Re: [orca-list] The SayAll user experience



Good morning, Joannie,  

Please see my comments inline and thank for asking about this:



-----Original Message-----
From: orca-list [mailto:orca-list-bounces gnome org] On Behalf Of Joanmarie
Diggs
Sent: Monday, November 11, 2013 9:20 PM
To: Orca List
Subject: [orca-list] The SayAll user experience

Hey guys.

I was looking at the SayAll code today. Another case where we really need to
get rid of sad hacks, clean things up, eliminate bugs, make the user
experience consistent across scripts, etc., etc. But what the redone version
shall look like depends very heavily on what the desired user experience is,
so I'd like you all to give this some serious consideration. My initial
questions are:

1. The primary purpose of SayAll is:
   A. To present the exact same thing I would hear if I were manually
      arrowing through the document. I just hate those arrow keys.
I like heading, list and structural data because I do a ton of authoring.  I
don't just read websites and such although I certainly do quite a bit of
that.  My primary activity when on a computer though is writing and editing
so, structure is important to me.  To address the interruption resulting
from words like link, list, heading, ETC. we could use different voice
pitches/variants.  I've seen this imple"mented on other screen readers "and
it's very helpful to stil get all the info but none of the interruption.

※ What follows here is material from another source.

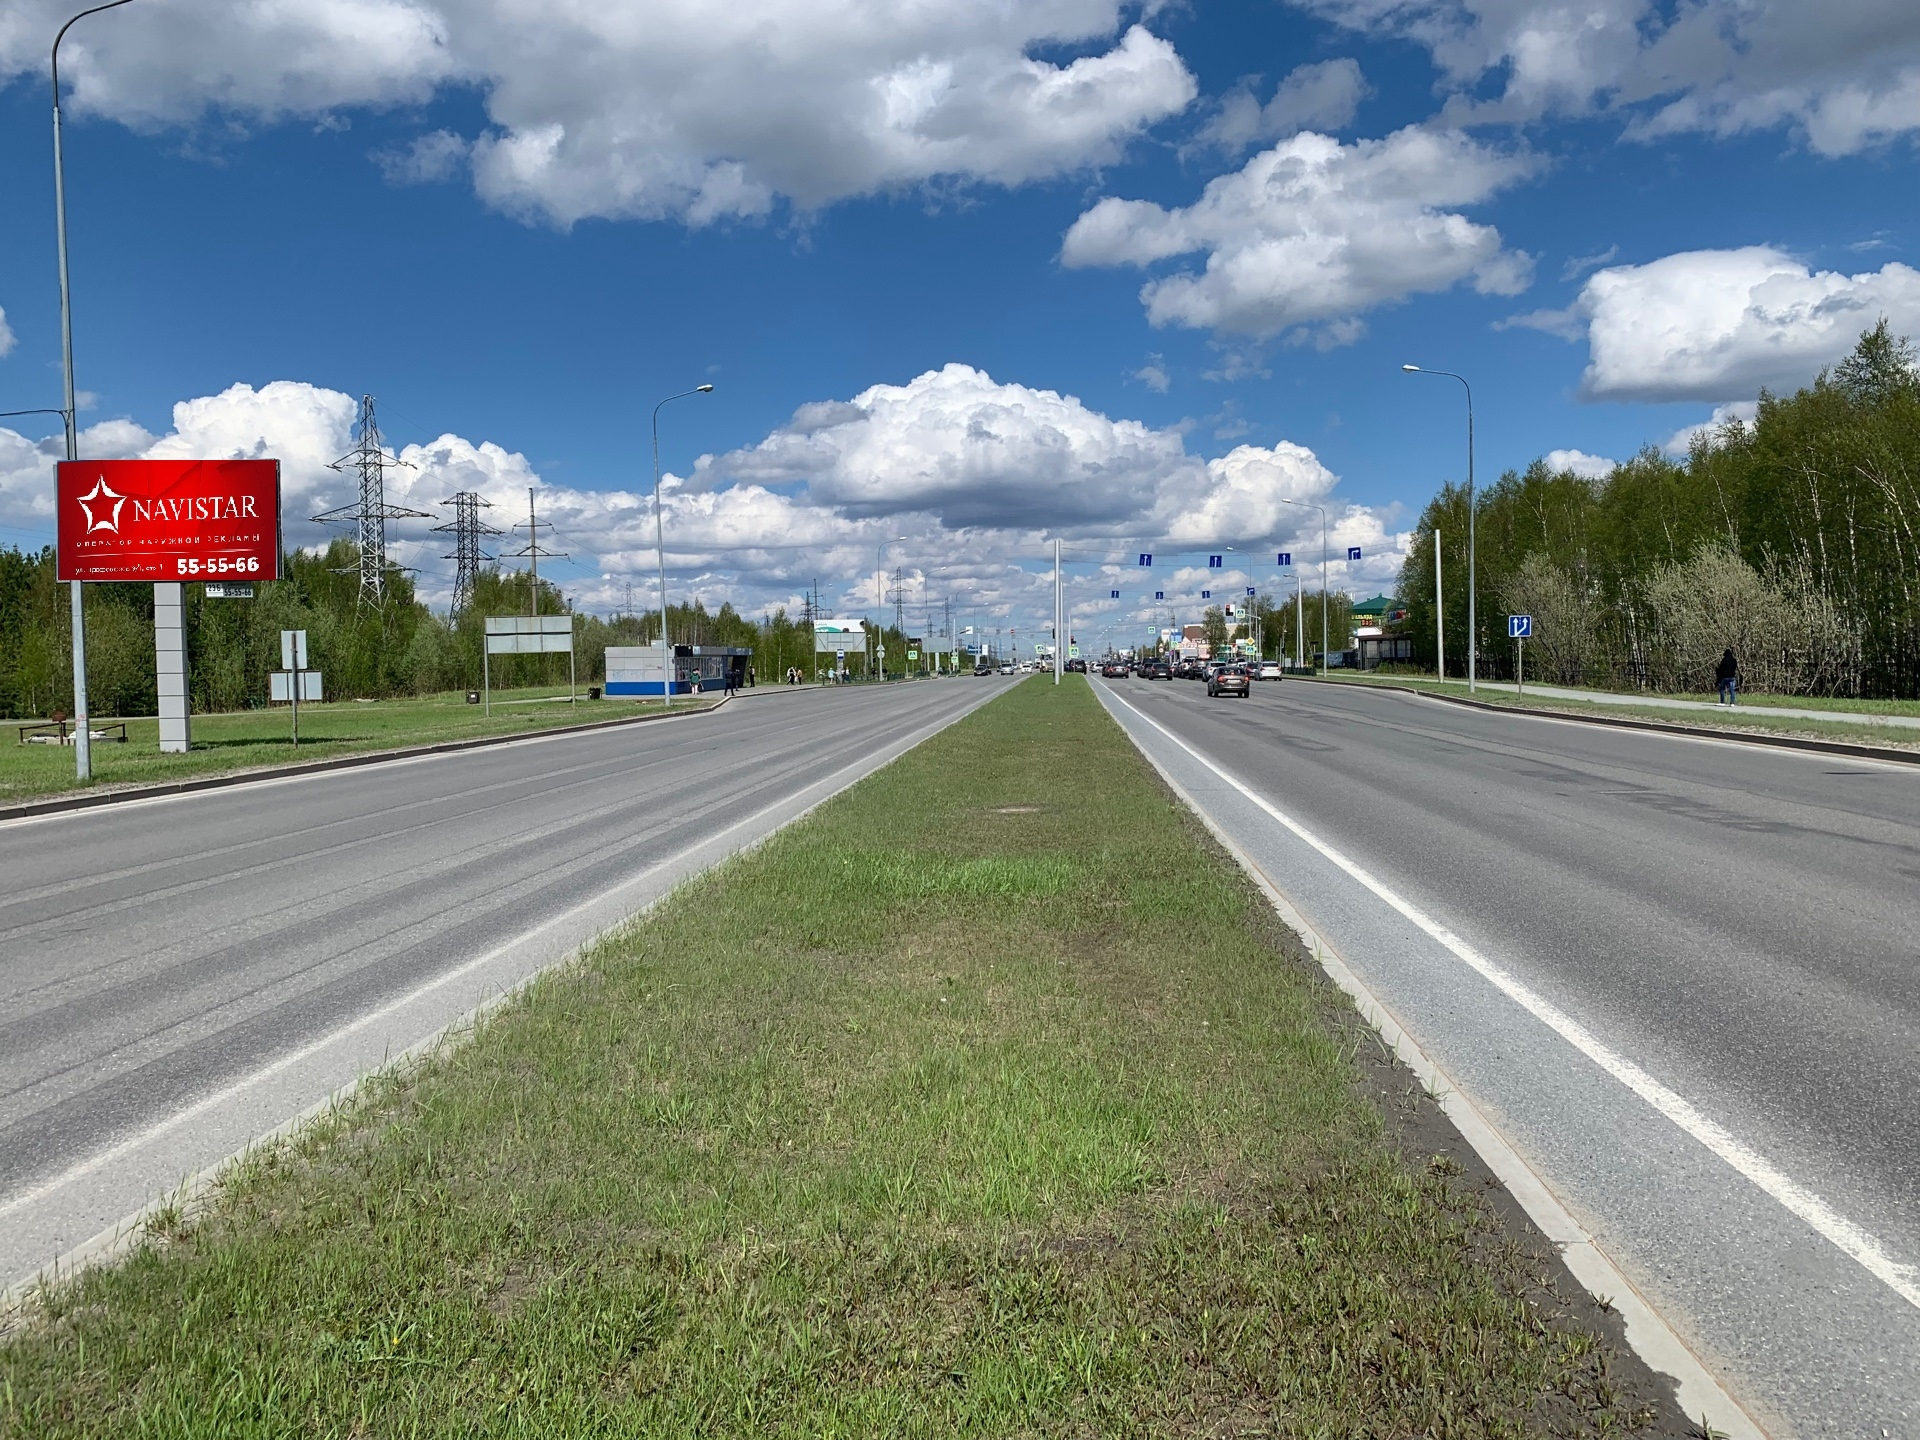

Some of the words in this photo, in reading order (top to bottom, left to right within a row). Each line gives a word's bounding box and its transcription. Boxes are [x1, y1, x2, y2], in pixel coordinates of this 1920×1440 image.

   How strongly do you feel about your answer to question 1?
Very.  It's how I pay my bills.


2. The expected behavior of my braille display when using SayAll is:

   C. It's SayAll; not BrailleAll. As long as you update my display
      when SayAll is interrupted or completed, I'm happy.
I'm a braille user so, this is very relevant to me.  If I'm proof reading a
document such as a job aid or course material I've written or something like
that, I will listen to it in say all and, when I hear something out of
place, I interrupt it and start going over it using braille to find errors
and things so, making sure the braille updates where the speech left off is
important.  


   How strongly do you feel about your answer to question 2?
Quite strongly.

   How often do you use a refreshable braille display with Orca?
Every chance I get.  I've been writing lots of stuff in Linux and saving it
to drop box and then converting it using windows software for official
purposes but, I like writing in Linux.


3. The thing I like most about Orca's current SayAll behavior is.
   (fill in the blank)

   How strongly do you feel about your answer to question 3?

4. The thing I like least about Orca's current SayAll behavior is.
   (fill in the blank)

   How strongly do you feel about your answer to question 4?

The last thing I'd like to ask you to keep in mind is, there's no free
lunch. I can think of use cases for all the choices above and more. But
accomplishing one might necessarily mean not being able to accomplish
another. And the goal is not to make Orca's SayAll do everything under the
sun, but do a merely-ok job of it; instead the goal is to identify the main
thing SayAll should do, and make it do a really good job at that specific
task.

Thanks in advance guys! While you ponder and discuss the above, I'll get
back to all the other refactoring and fixing I'm doing.